Its really off topic by this point but here we go with running a bigger test in a loop

randomlist_million = random.choices(range(10_000_000), k=1_000_000)

ran 10 times in a loop results in following

np.sort pre-converted  - average: 0.069096 std: 0.001393
rust internal unstable - average: 0.029869 std: 0.000492

Lets drop this specific issue now, Comparing rust to numpy is not what this is about

It’s not so much the number of objects being sorted, but the fact that you’re only doing it once. Try commenting out the actual sort step from the early examples (the ones that showed e-5 times) and see how much the times change by.

Sorting enormous lists is important, but so is sorting small lists. So properly benchmarking those is just as valuable - it just happens to be a bit harder to do :slight_smile:

Terry already linked to listsort.txt, which was intended to be my last word on the topic :wink:.

As it says, the disadvantage of merge sorts is that they do much more data movement than members of the quicksort family (of which pdqsort is one). When comparisons are cheap (as for native machine ints or floats on modern boxes), saving moving a memory word may be as valuable as saving a comparison. Quicksort variants shine then - quicksort is stellar at reducing memory movement.

But, in Python, and especially at the time the current sort was written, comparisons are enormously more expensive than moving an object pointer in memory.
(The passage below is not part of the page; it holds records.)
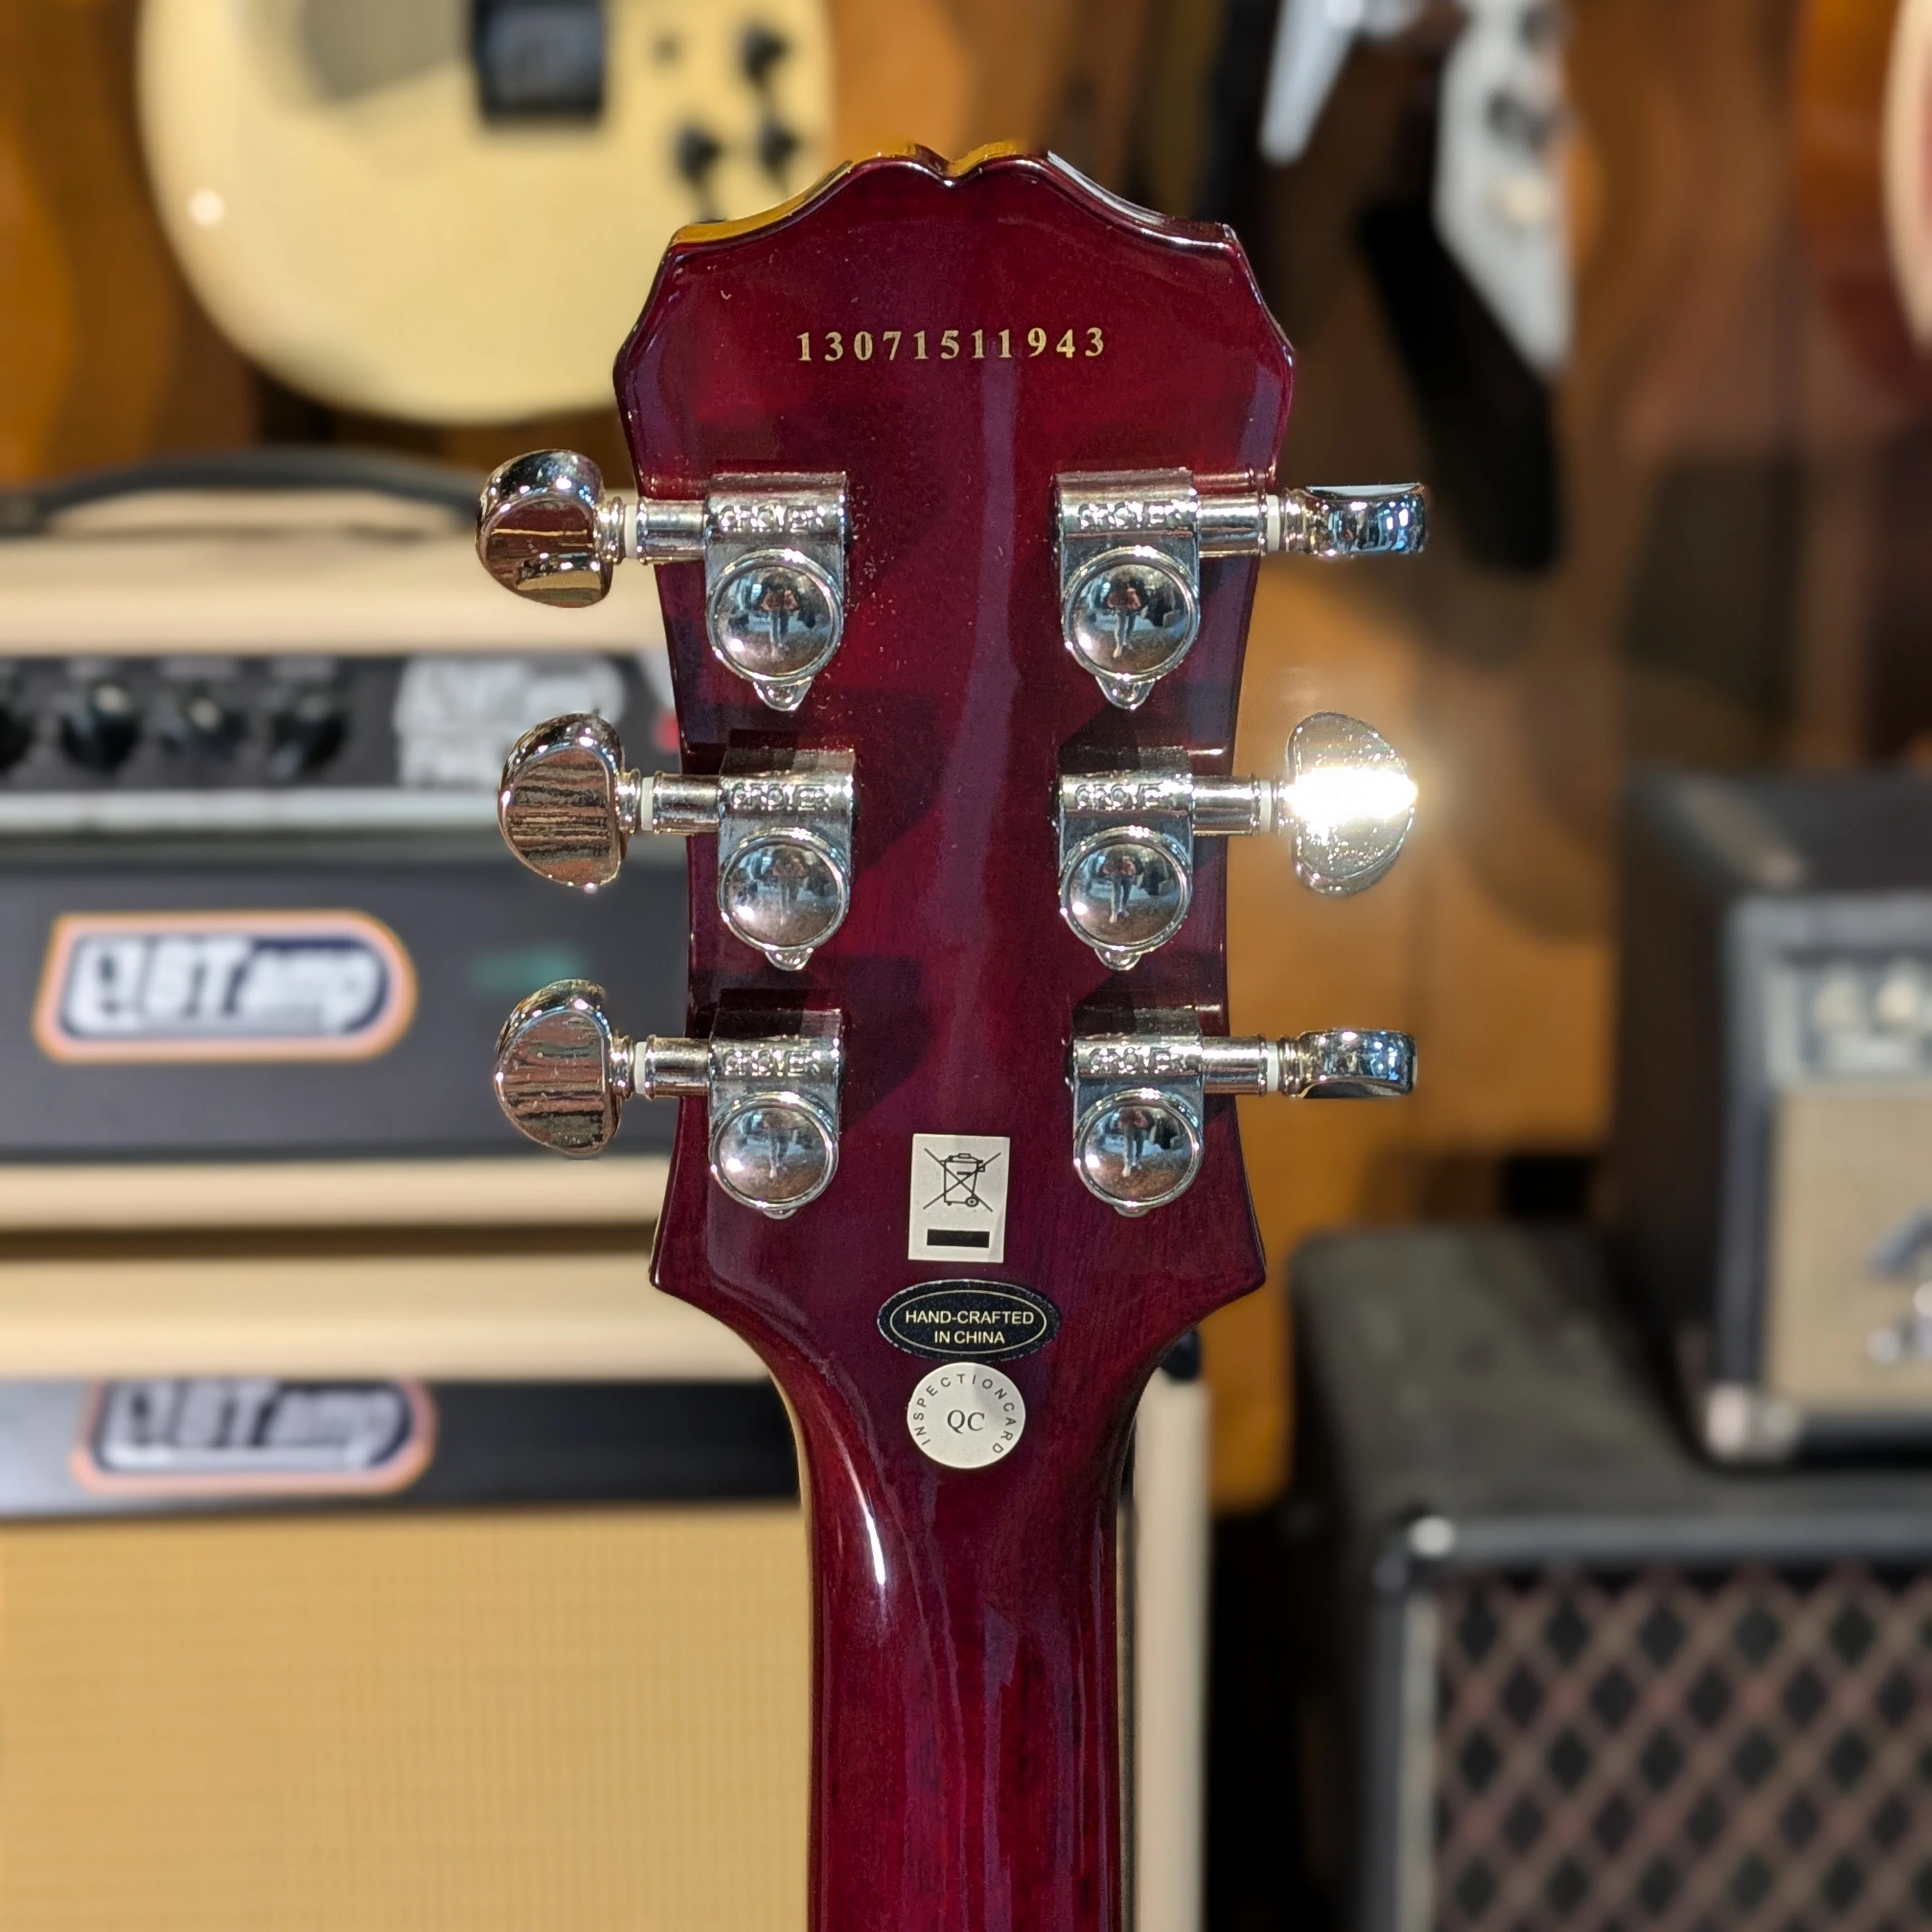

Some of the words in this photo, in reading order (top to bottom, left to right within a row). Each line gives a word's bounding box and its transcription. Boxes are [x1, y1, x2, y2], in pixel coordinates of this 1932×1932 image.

[797, 327, 1104, 362] 13071511943
[905, 1310, 1034, 1325] HAND-CRAFTED
[934, 1331, 950, 1344] IN
[953, 1330, 1005, 1344] CHINA
[947, 1409, 985, 1434] QC
That’s where merge sorts shine: they get very much closer to doing a minimal number of compares than quicksorts get. See listsort.txt for brief quantification of that. But they do a lot more data movement.

There is no reason in general that stable vs non-stable is important to speed. That’s not really the issue. But it can be, in some cases. For example, consider this list:

xs = [2] + [1] * 1_000_000_000

That is, 2 followed by a billion 1s. A sufficiently clever non-stable sort could just swap the endpoints to get the list in sorted order.
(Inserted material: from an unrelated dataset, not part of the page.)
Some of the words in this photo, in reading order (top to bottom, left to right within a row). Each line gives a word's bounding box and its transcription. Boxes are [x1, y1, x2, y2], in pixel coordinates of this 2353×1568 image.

But that violates stability (the 1 at the end moves to the start). A stable sort cannot do better than moving all billion plus one elements, rotating the entire list one place to the left.
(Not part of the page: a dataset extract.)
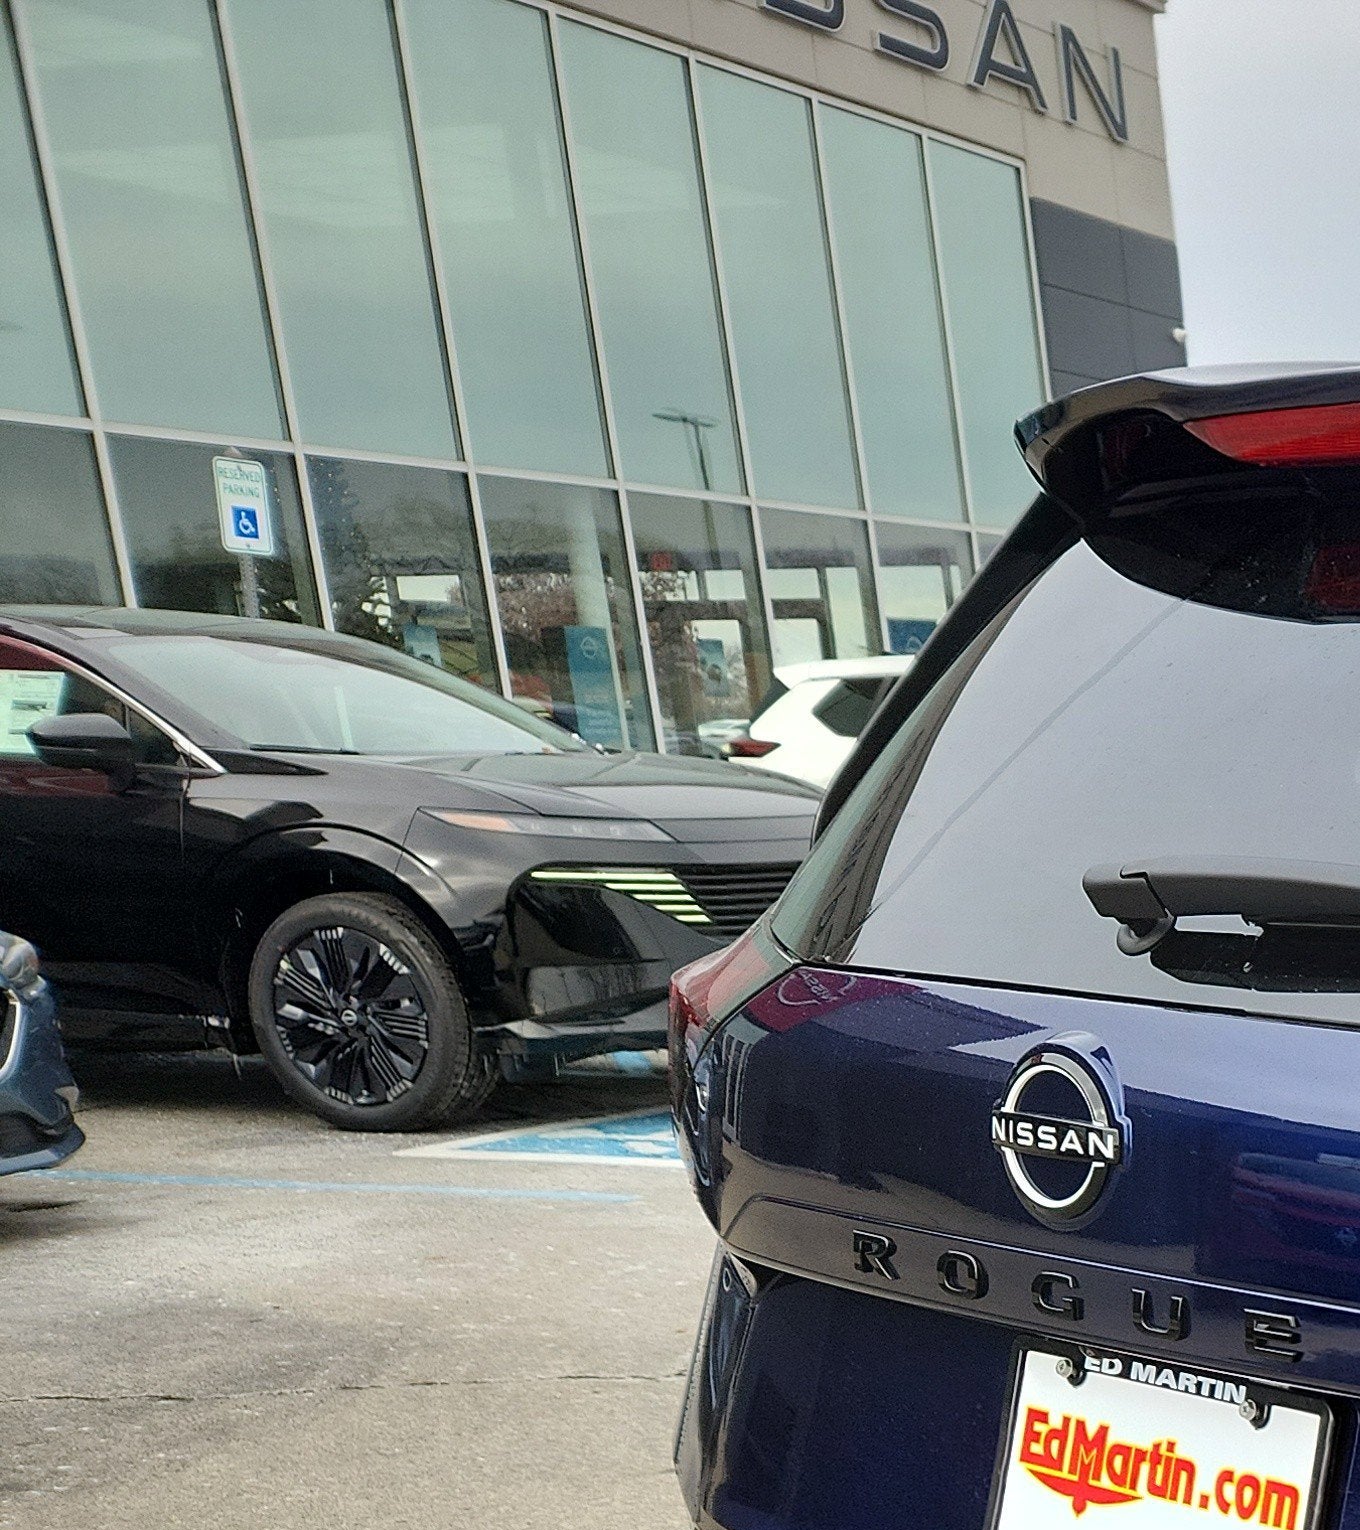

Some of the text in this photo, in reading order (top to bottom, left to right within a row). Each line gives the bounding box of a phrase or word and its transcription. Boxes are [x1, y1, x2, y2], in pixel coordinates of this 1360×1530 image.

[223, 482, 260, 498] PARKING
[991, 1115, 1115, 1160] NISSAN
[853, 1229, 1305, 1363] ROGUE
[1084, 1354, 1247, 1402] ED MARTIN
I still pay attention to developments in sorting, and I’ve seen nothing yet that would plausibly be an improvement over Python’s general-purpose sort for CPython’s needs.

For specific data types, sure. There’s no end of ways to exploit regularities. But the only thing Python’s sort requires of objects is that they implement __lt__(). It makes no assumptions of any kind about how the objects are stored, are represented, or what they “mean”.

If you’re always sorting lists of floats, by all means, use numpy’s sort instead.

Or if you’re always sorting lists of strings, there are faster ways to sort those too (although, offhand, I don’t know of an extension module geared to that specific case).

The builtin sort works for any types that implement a sane __lt__(), and strives to invoke that method as seldom as possible for common, real-life cases.

I have no doubt that pdqsort can be faster for some specific data types, but also no doubt that it wouldn’t be a suitable replacement for CPython’s current sort (because it’s not stable, and because quicksort variants do more comparisons, which are still significantly slower than pointer copies).